*EXERCISE BRIEF:* Repeat the data in full and exactly. Leave the pictures out.

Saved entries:
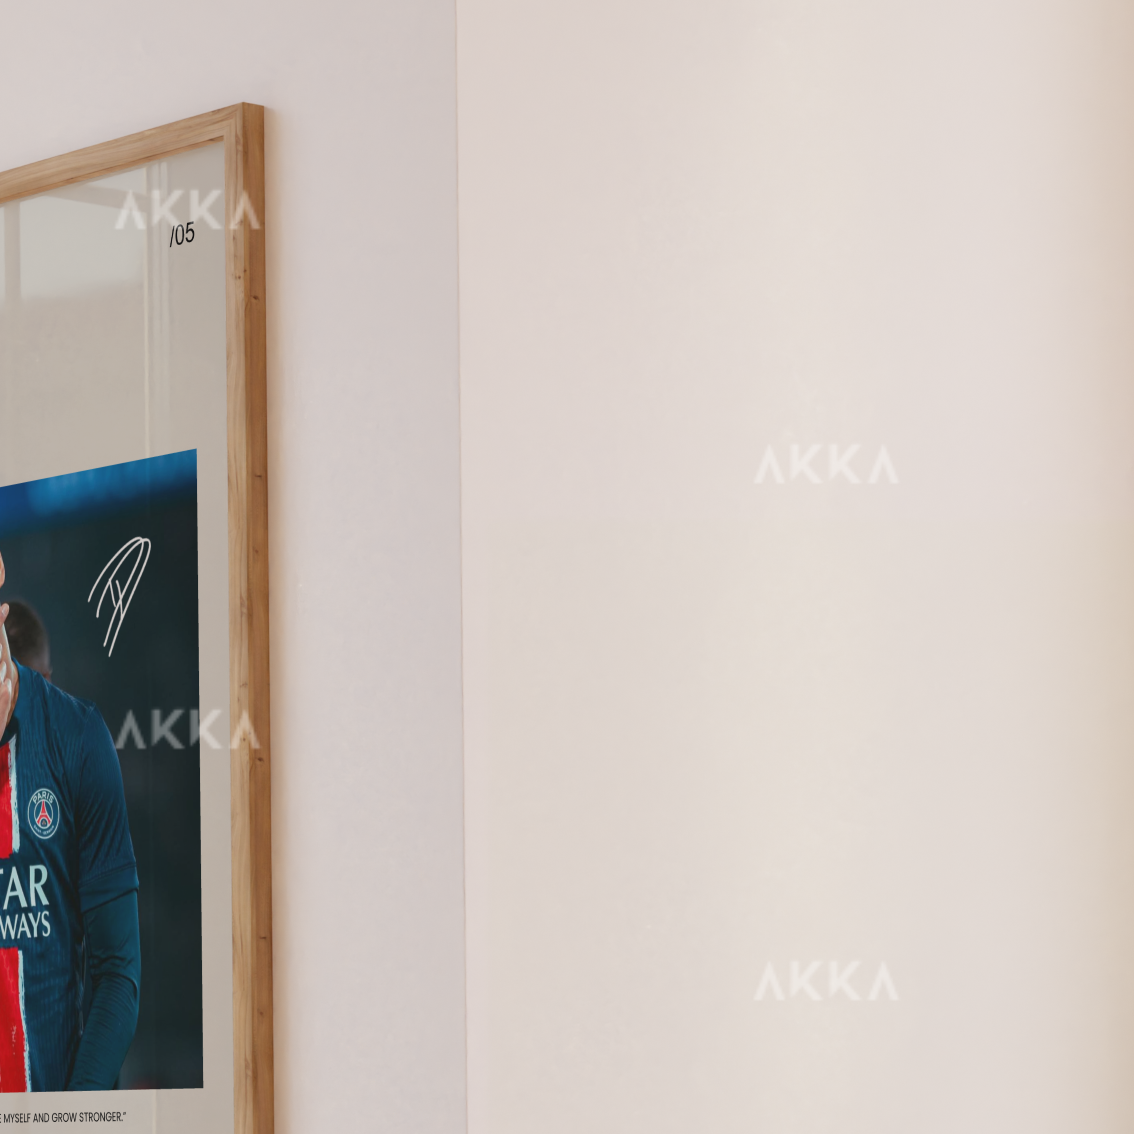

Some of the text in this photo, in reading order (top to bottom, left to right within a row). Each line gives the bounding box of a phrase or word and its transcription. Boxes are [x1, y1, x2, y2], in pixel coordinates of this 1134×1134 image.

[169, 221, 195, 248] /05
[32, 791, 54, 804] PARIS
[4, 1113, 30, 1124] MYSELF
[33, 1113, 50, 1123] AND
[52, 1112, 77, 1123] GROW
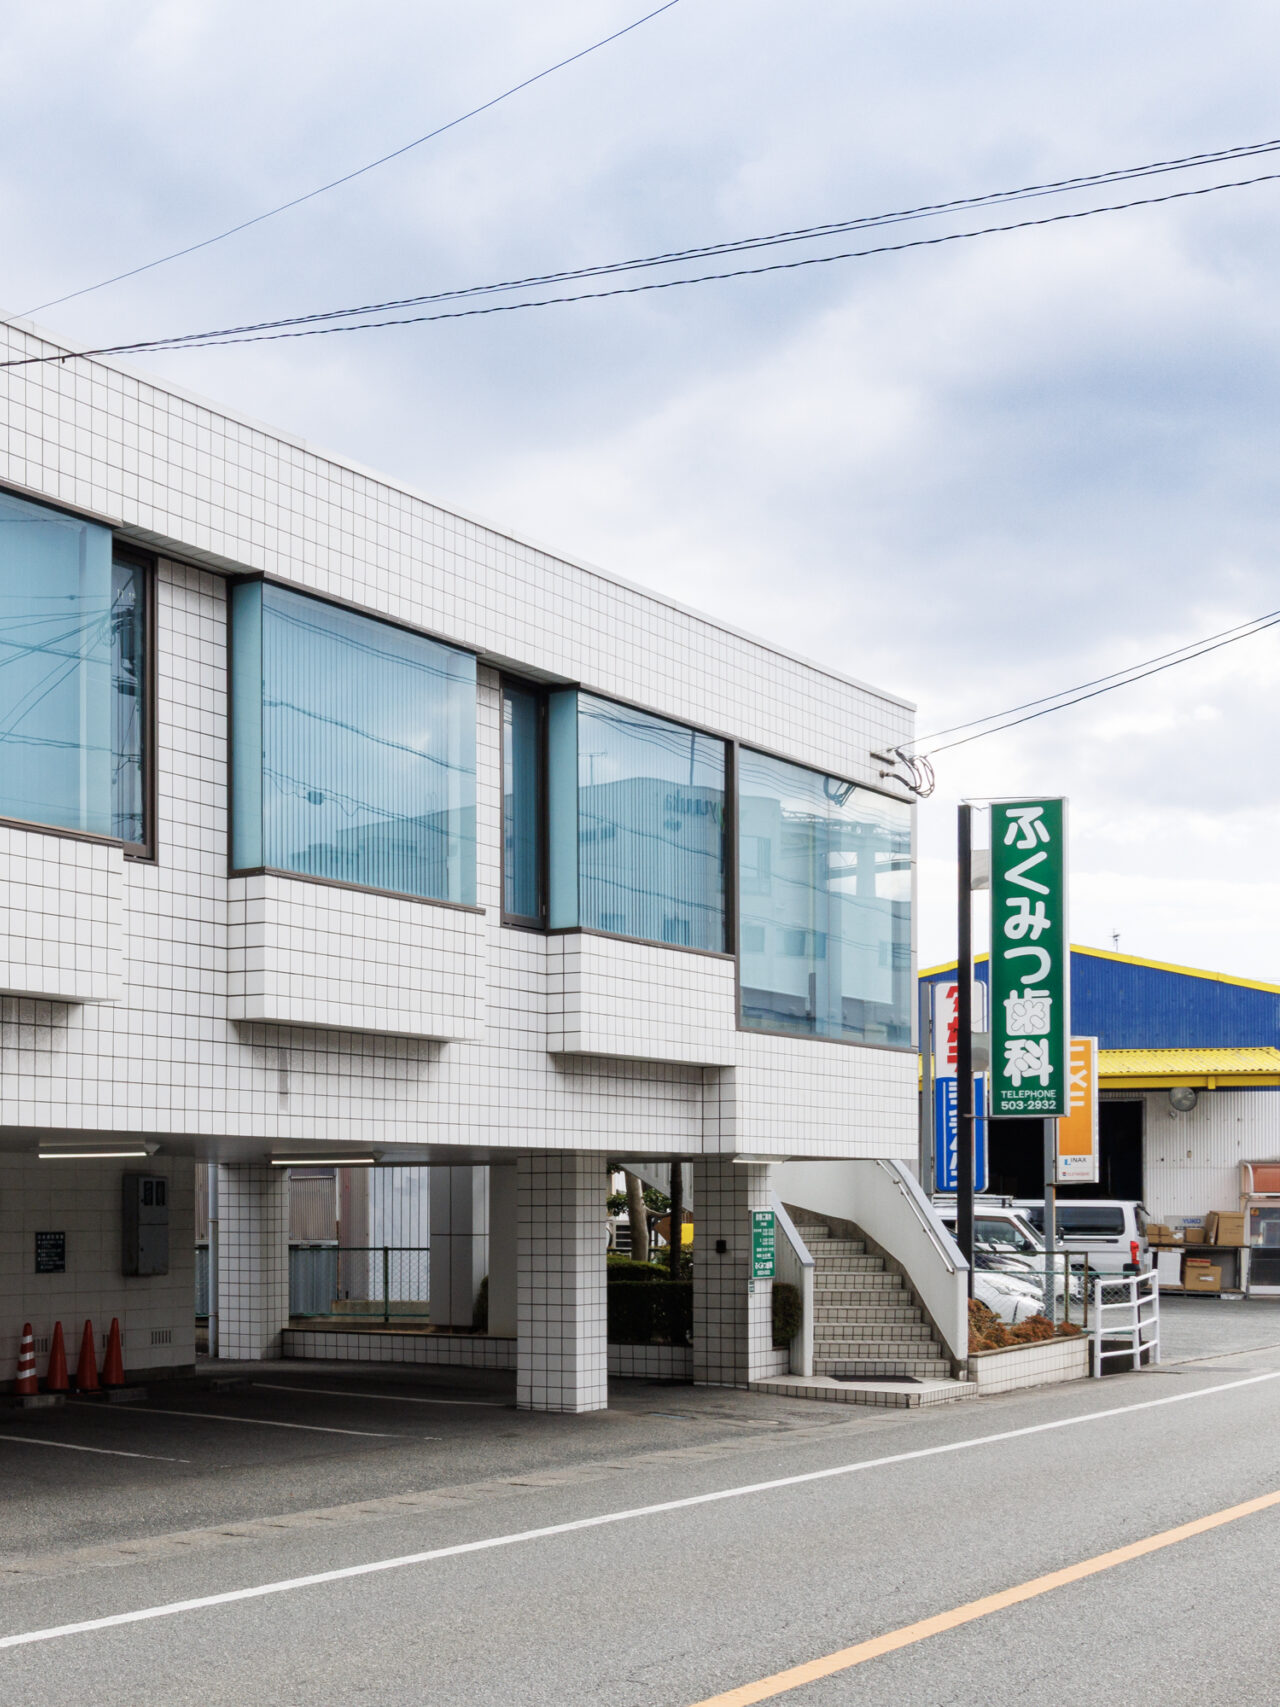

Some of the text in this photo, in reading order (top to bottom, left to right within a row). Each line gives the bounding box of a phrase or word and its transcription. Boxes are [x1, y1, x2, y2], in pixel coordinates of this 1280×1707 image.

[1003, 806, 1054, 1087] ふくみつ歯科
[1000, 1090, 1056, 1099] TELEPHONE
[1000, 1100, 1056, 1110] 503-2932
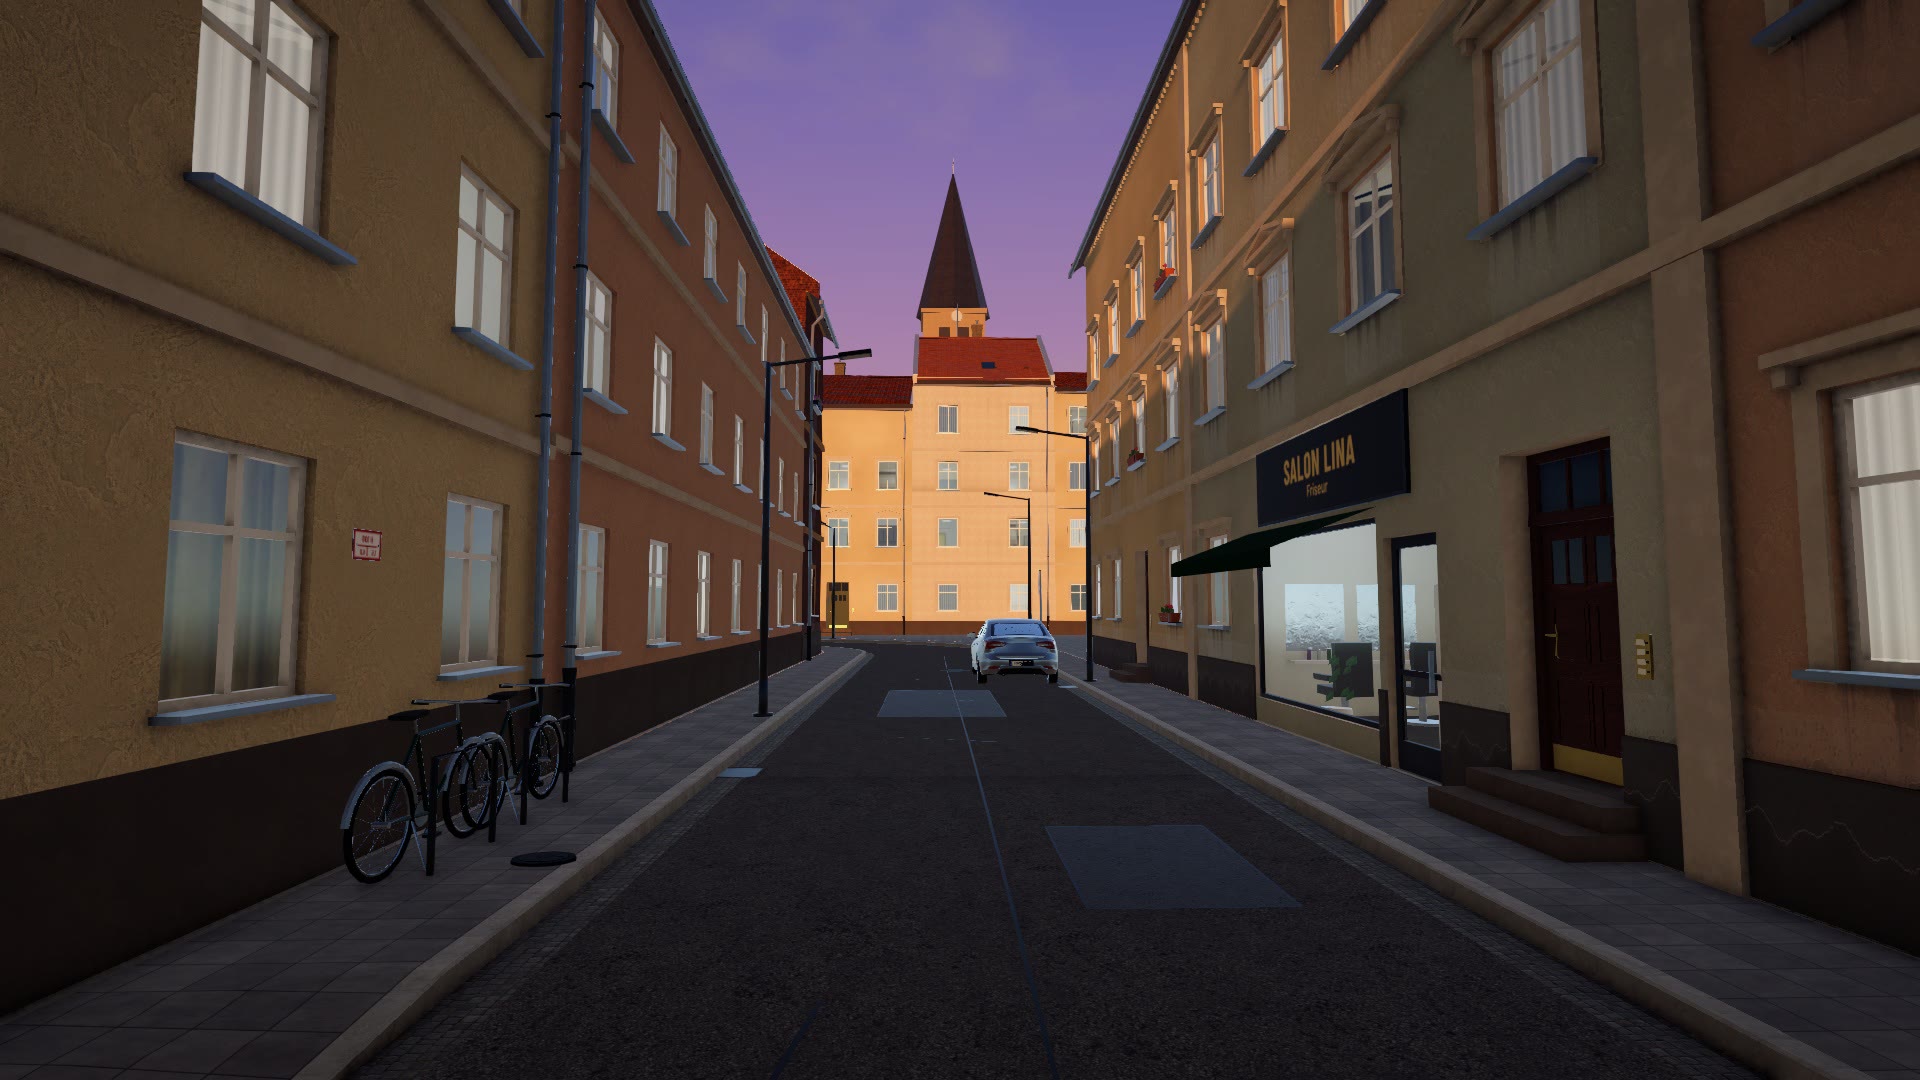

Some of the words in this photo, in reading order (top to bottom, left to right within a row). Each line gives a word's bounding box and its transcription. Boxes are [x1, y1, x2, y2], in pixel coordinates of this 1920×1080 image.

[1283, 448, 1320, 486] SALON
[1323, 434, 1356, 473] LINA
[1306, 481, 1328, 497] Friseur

*FINISHED TASK:*
Some of the text in this photo, in reading order (top to bottom, left to right within a row). Each line gives the bounding box of a phrase or word and its transcription. Boxes are [x1, y1, x2, y2], in pixel coordinates of this 1134×1134 image.

[169, 221, 195, 248] /05
[32, 791, 54, 804] PARIS
[4, 1113, 30, 1124] MYSELF
[33, 1113, 50, 1123] AND
[52, 1112, 77, 1123] GROW

Some of the text in this photo, in reading order (top to bottom, left to right within a row). Each line gives the bounding box of a phrase or word and its transcription. Boxes are [x1, y1, x2, y2], in pixel coordinates of this 1280×1707 image.

[1003, 806, 1054, 1087] ふくみつ歯科
[1000, 1090, 1056, 1099] TELEPHONE
[1000, 1100, 1056, 1110] 503-2932

Some of the words in this photo, in reading order (top to bottom, left to right within a row). Each line gives a word's bounding box and its transcription. Boxes are [x1, y1, x2, y2], in pixel coordinates of this 1920×1080 image.

[1283, 448, 1320, 486] SALON
[1323, 434, 1356, 473] LINA
[1306, 481, 1328, 497] Friseur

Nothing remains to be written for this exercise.